In retrospect, maybe we need to look very closely at the people who are promoting the systems. The funding agencies are looking at interstate compacts to reduce salinity in the Colorado River and the health of fish. City’s and residential properties contribute very little to this problem because they already sprinkle their landscape, so the only people to significantly benefit are the farmers and large stockholders in the canal companies. Positioning of water reservoirs to accommodate these projects also usually end up being very lucrative for a few key people who control the water. In the end, the canal companies are attached to tax-collecting entities to defer their costs and guarantee loans, and the rest of us just end up paying the same or more for unsafe water.
The feasibility study for Wellington indicated that at the time of the study “Although the city’s irrigation water is distributed to citizens through a ditch system, most residents prefer to water their lawns and gardens from the city’s culinary water system”. In the end the residents who wanted the secondary system did so because they were told they would have un-metered water and virtually unlimited use as long as it didn’t run off their property.
Wellington did not consider the health issues of the contaminated water. Neither can they adequately control nor monitor cross-connections, and therefore contamination of our drinking water is an ever present danger. In addition, our culinary water tends to stagnate in areas because of the drop in use.

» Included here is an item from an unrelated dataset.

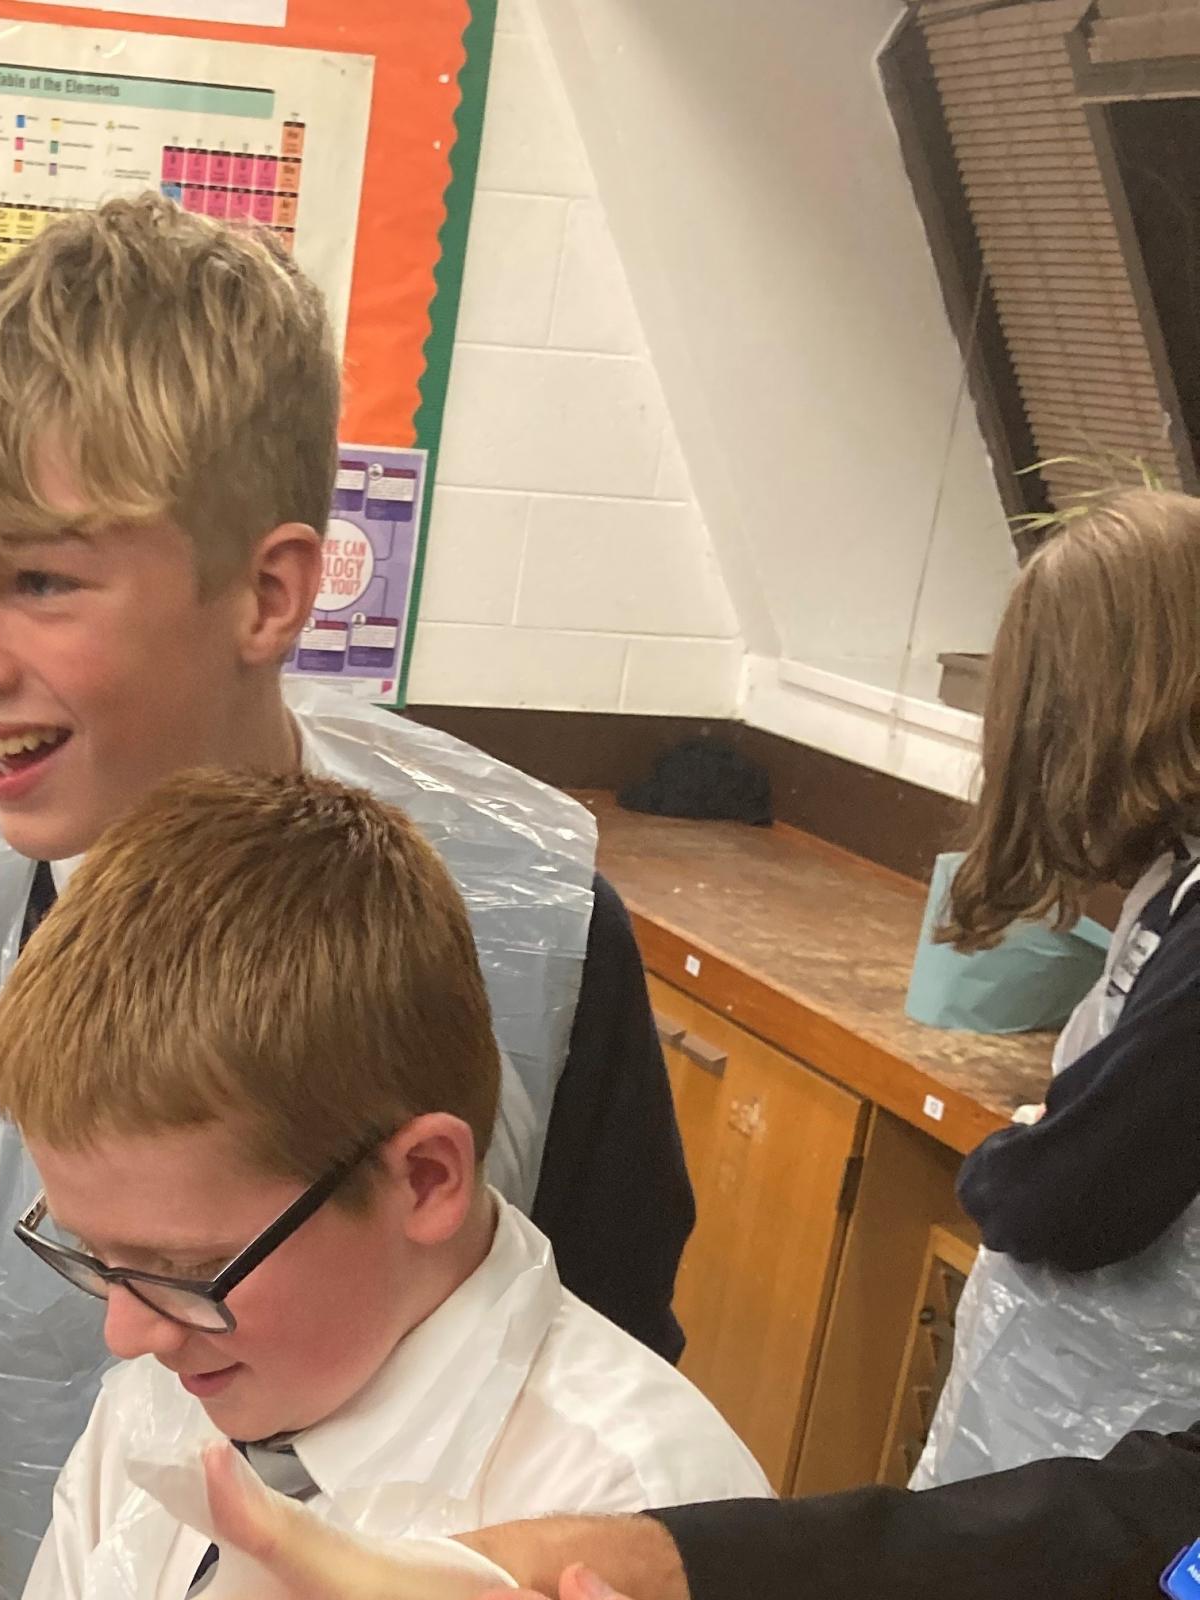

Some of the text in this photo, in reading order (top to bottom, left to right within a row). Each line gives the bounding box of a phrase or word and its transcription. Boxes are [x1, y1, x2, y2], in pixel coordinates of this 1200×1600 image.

One thing that needs to be seriously addressed by government agencies is the fact that no matter what pollution is in that water, the canal systems are protected from regulation and monitoring. They don’t have to clean it up; they don’t even have to test it to see what is in it. The government protects us from these health risks in every other area of our day to day life, but not irrigation water. The pivotal difference is insistence that it be mandatory, taking away an individual right to make choices for themselves regarding contaminants in the water. If we are to expand the use of this water from alfalfa fields and stock yards to our personal living environments, then federal, state and local authorities need to enact regulations, studies, and tests; and funding needs to be dedicated to implement and enforce it.